Hogan Lovells brought together top women leaders in the fields of business, politics, and philanthropy for the two-day event which began with former U.S. Secretary of State Madeleine Albright joining a dynamic on stage conversation.

Speakers for the panel presentations included: Bloomberg Television journalist Margaret Brennan; MSNBC journalist Mika Brzezinski; Tammy Haddad, President and Founder, Haddad Media; Susan Z. Haller, Vice President, Legal, Sprint Nextel Corporation; Christina Lamb, U.S. Editor, The Sunday Times; Carol A. Melton, Executive Vice President, Global Public Policy, Time Warner Inc.; Marilyn Carlson Nelson, Chairman, Carlson; Ekaterina V. Petelina, Member of VTB Bank Management Board, VTB Group; Vicky Pryce, Senior Managing Director, Economics, FTI Consulting Inc.; New York City Council Speaker Christine C. Quinn; Marina Salamon, Chairman, Altana S.p.A.; Julia Solovieva, President, Prof-Media; Caryl M. Stern, President and CEO, U.S. Fund for UNICEF; and Cynthia L. Zollinger, President and CEO, Cornerstone Research.

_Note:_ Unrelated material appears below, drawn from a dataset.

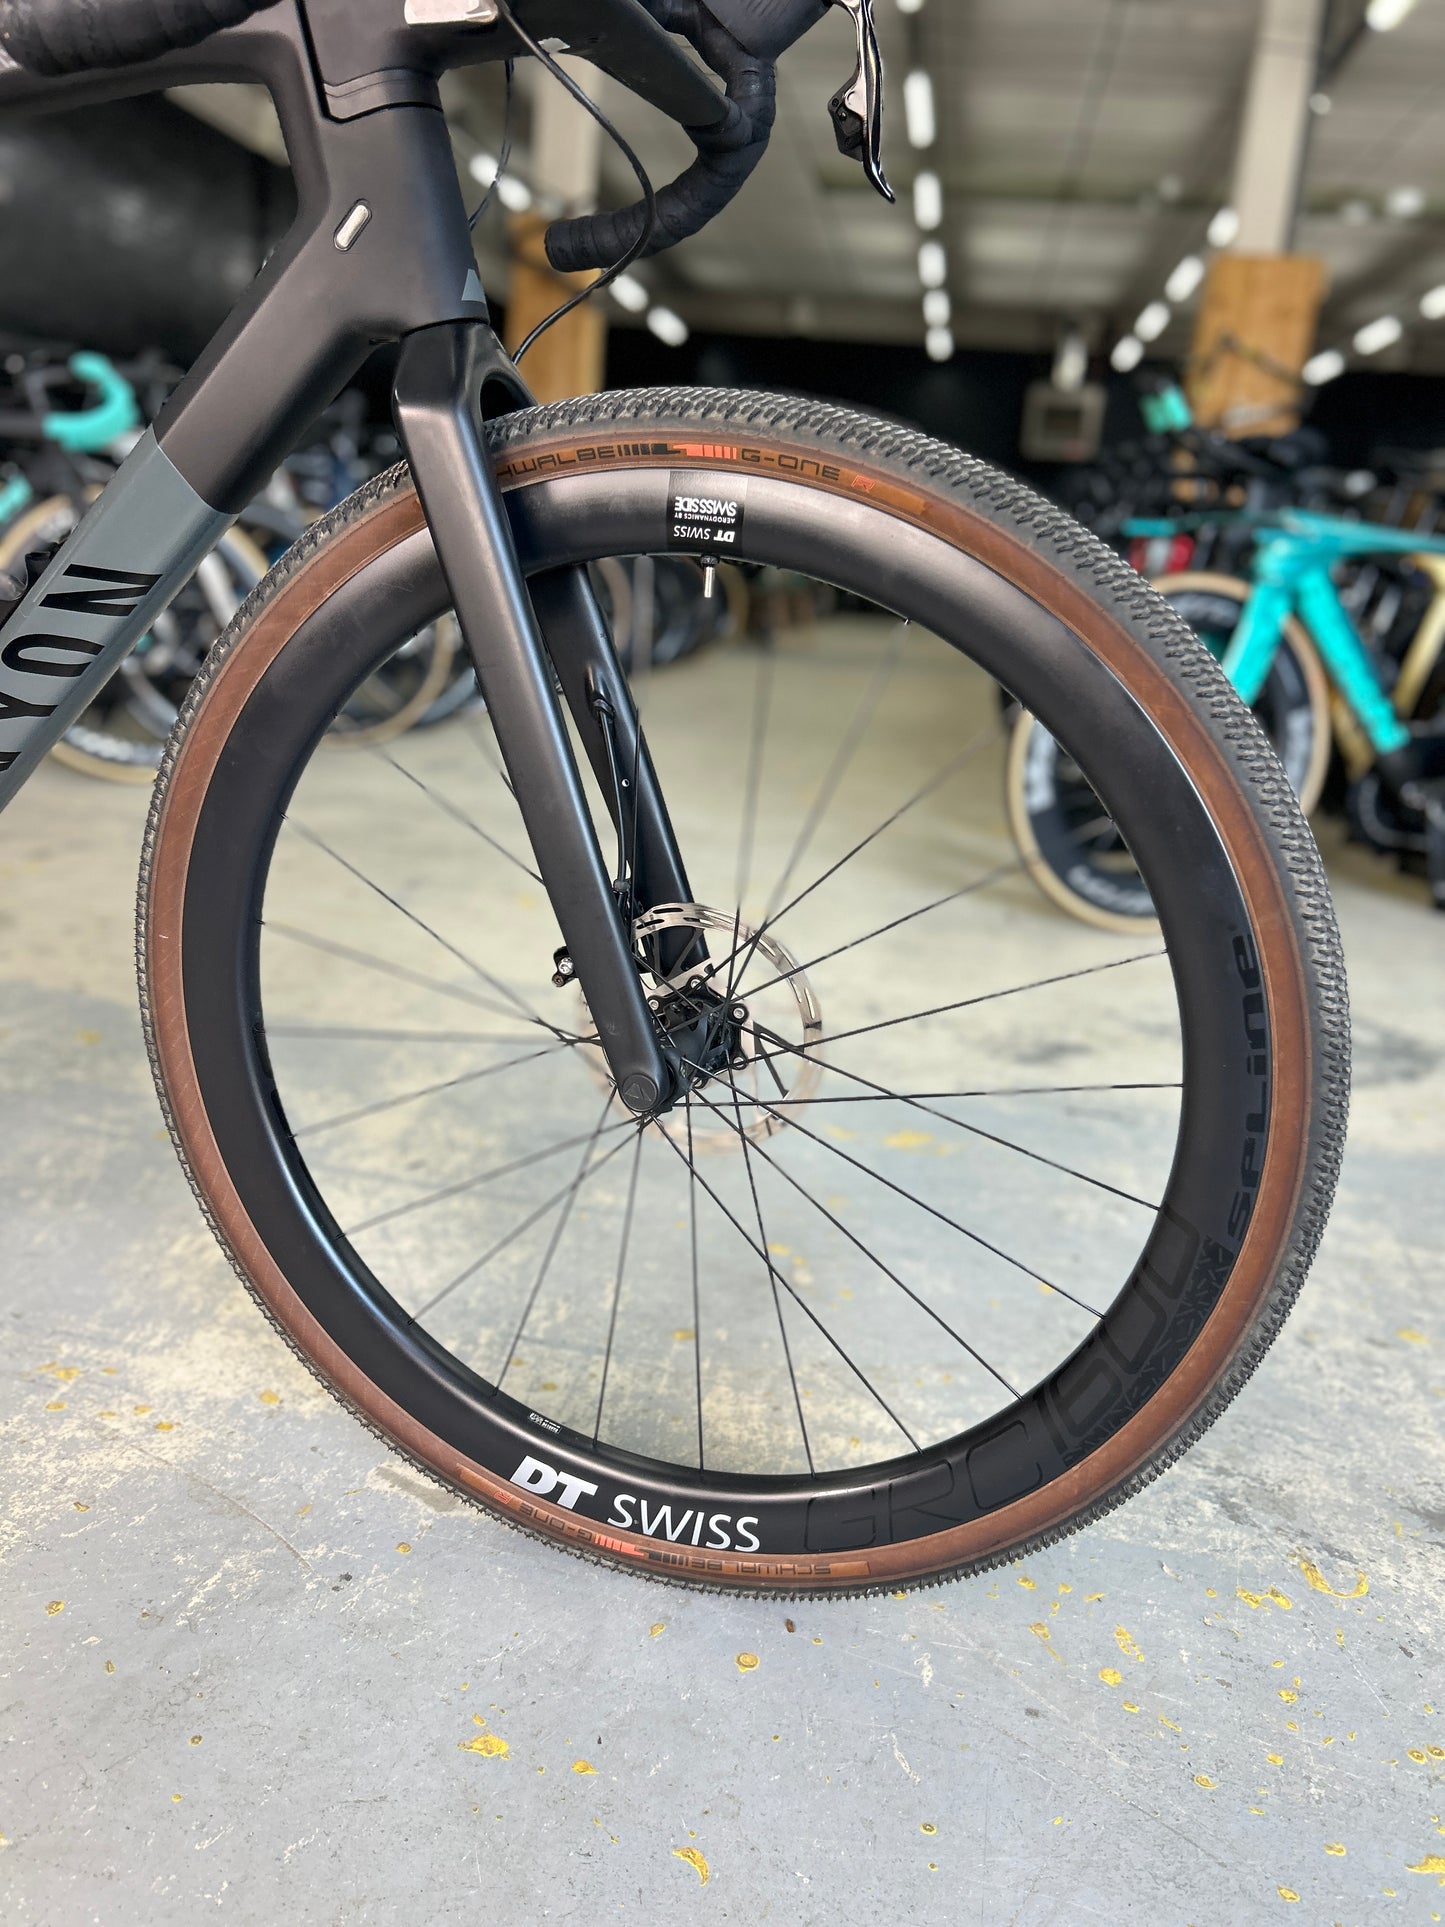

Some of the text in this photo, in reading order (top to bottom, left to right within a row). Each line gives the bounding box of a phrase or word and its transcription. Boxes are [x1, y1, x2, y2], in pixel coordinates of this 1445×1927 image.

Panel discussion topics included:
  • - Women on the World Stage: This panel centered on the perceptions and realties surrounding the role of women in high-level executive and leadership positions around the globe. Drawing from their varied backgrounds and leadership roles, the group addressed potential barriers to success, gender politics, and the public’s role in influencing the standards for success. Looking to the next generation of women leaders, the panel also discussed the role of mentors and the long-term view of making a meaningful impact, and they offered their advice and observations concerning navigating a rewarding career path.
  • - The Impact of Economic and Political Shifts: With globalization comes interlacing (and sometimes conflicting) corporate, regional, national, and political interests that seem to grow exponentially complex with each days’ news headlines. Panelists discussed which ones deserve immediate attention from Western governments and the associated challenges of making those difficult decisions in the near term. Looking across the Atlantic, the panelists also offered their perspectives on risks associated with the Eurozone and its potential impact around the world.  On a world-wide scale, the concept of what it means to be a global corporation and the definition of success was examined, along with a discussion of how differing regulatory environments create both business and ethical challenges.
  • - Controlling Your Reputation in a World That Holds No Secrets: Global enterprises conduct business before a tuned-in, hyper-connected global population empowered with tools that turbo charge the rumor mill. As it was with rumors around the wellhead in the days of the village economy, gossip is powerful. It can make or break reputations; it can cause the value of corporations to evaporate; it can thwart ambition; it can create a mega-market hit over night; and it can be harnessed to effect impactful change. It is a force to be reckoned with by corporations and individuals alike. This panel explored building and protecting reputations in this age of citizen journalists and always-on media. 
  • - Leadership for Growth in Challenging Times: Leading a growing company and keeping it on a strategic path means leaders must prepare for change, including the unpredictable. This panel explored the role of leaders in an environment where many employees fear for their jobs and investors are wary of risk. Panelists shared their views on how leaders can help their organizations overcome challenges and meet their strategic goals in tumultuous economic times.

Additionally, former Acting Solicitor General of the United States and current Hogan Lovells partner and Appellate Practice co-head Neal Katyal spoke to the group about the U.S. Supreme Court’s impact on business and the economy.

For more information about the event and an ongoing discussion of related issues, please visit the Hogan Lovells’ Women’s Executive Summit blog at http://www.hoganlovellswes.com/.

About Hogan Lovells

Hogan Lovells is a leading global law firm providing business-oriented legal advice and high-quality service across its exceptional breadth of practices to clients around the world."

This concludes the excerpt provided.